Think it through before doing this!

Do this only if you are 100.0% positive that the message(s) is really irrelevant. Then, read the Wiki here and here on this topic.


Once you assured yourself the message(s) is irrelevant

While generally speaking, there are more ways to achieve this goal, I said to disable those messages locally, so there is only one in reality.
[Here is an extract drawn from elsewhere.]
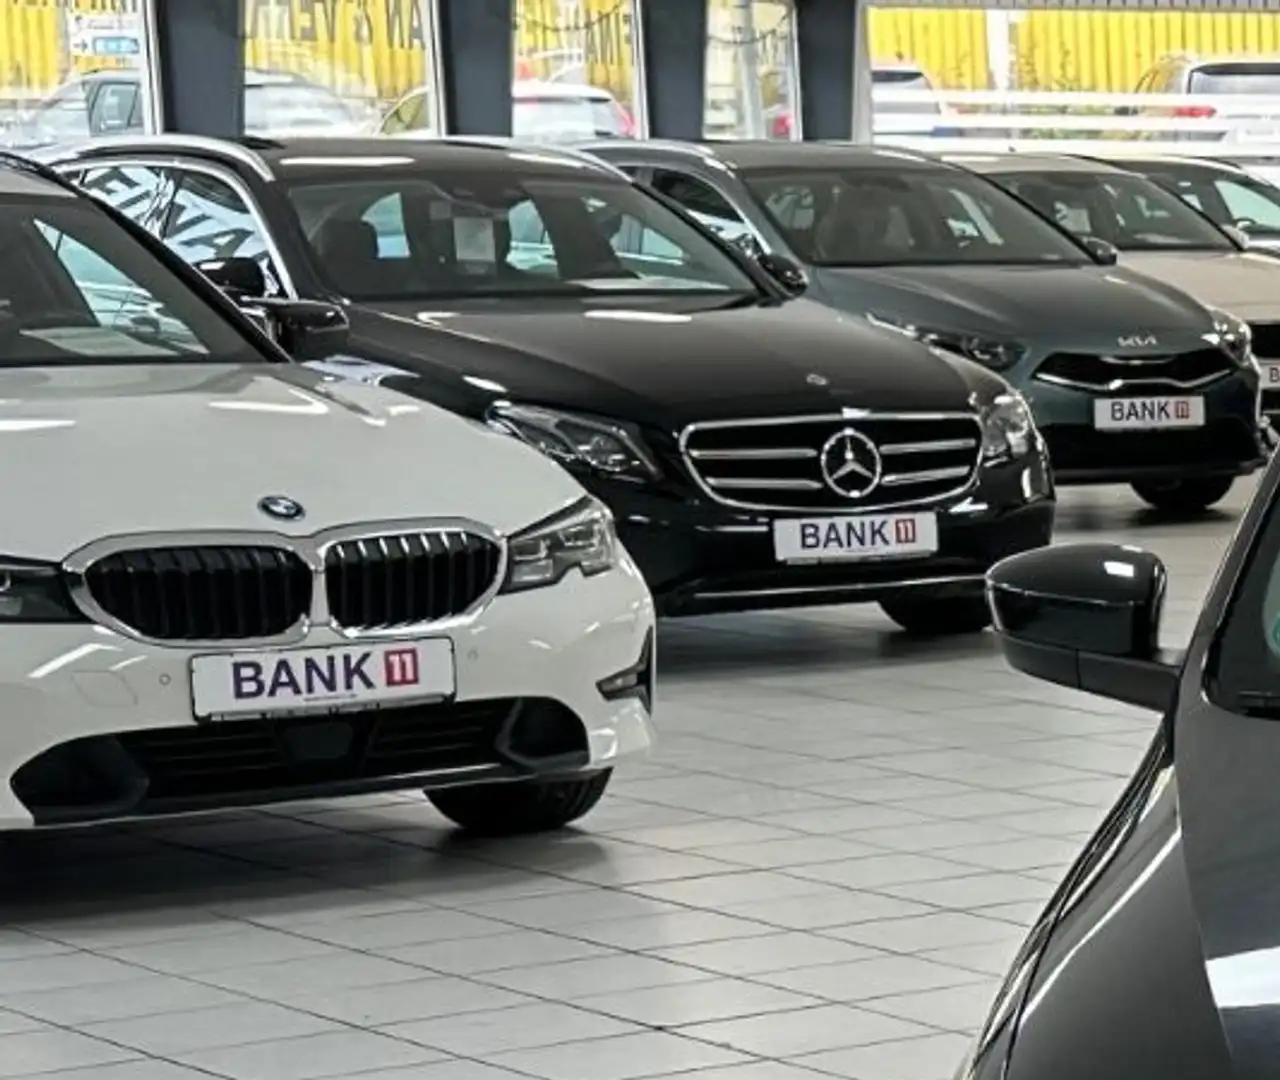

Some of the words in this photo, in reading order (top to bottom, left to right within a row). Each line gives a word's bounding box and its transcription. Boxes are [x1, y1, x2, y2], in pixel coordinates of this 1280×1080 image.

That being adding the following line before the actual message occurrence:

# shellcheck disable=code

Notably, adding text after that in the same line will result in an error as it too will be interpreted by shellcheck. If you want to add an explanation as to why you are suppressing the warning, you can add another hash # to prevent shellcheck from interpreting the rest of the line.

Incorrect:

# shellcheck disable=code irrelevant because reasons

Correct:

# shellcheck disable=code # code is irrelevant because reasons

Note, that it is possible to add multiple codes separated by comma like this example:

# shellcheck disable=SC2119,SC2120

Note, that the # in front is an integral part of disabling directive!

Upvotes: 44

enharmonic
enharmonic

Reputation: 2090

With Shellcheck 0.7.1 and later, you can suppress irrelevant messages on the command line by filtering on severity (valid options are: error, warning, info, style):

$ shellcheck --severity=error my_script.sh

This will only show errors and will suppress the annoying SC2034, SC2086, etc. warnings and style recommendations.

You can also suppress messages per-code with a directive in your ~/.shellcheckrc file, such as:

disable=SC2076,SC2016

Both of these options allow you to filter messages globally, rather than having to edit each source code file with the same directives.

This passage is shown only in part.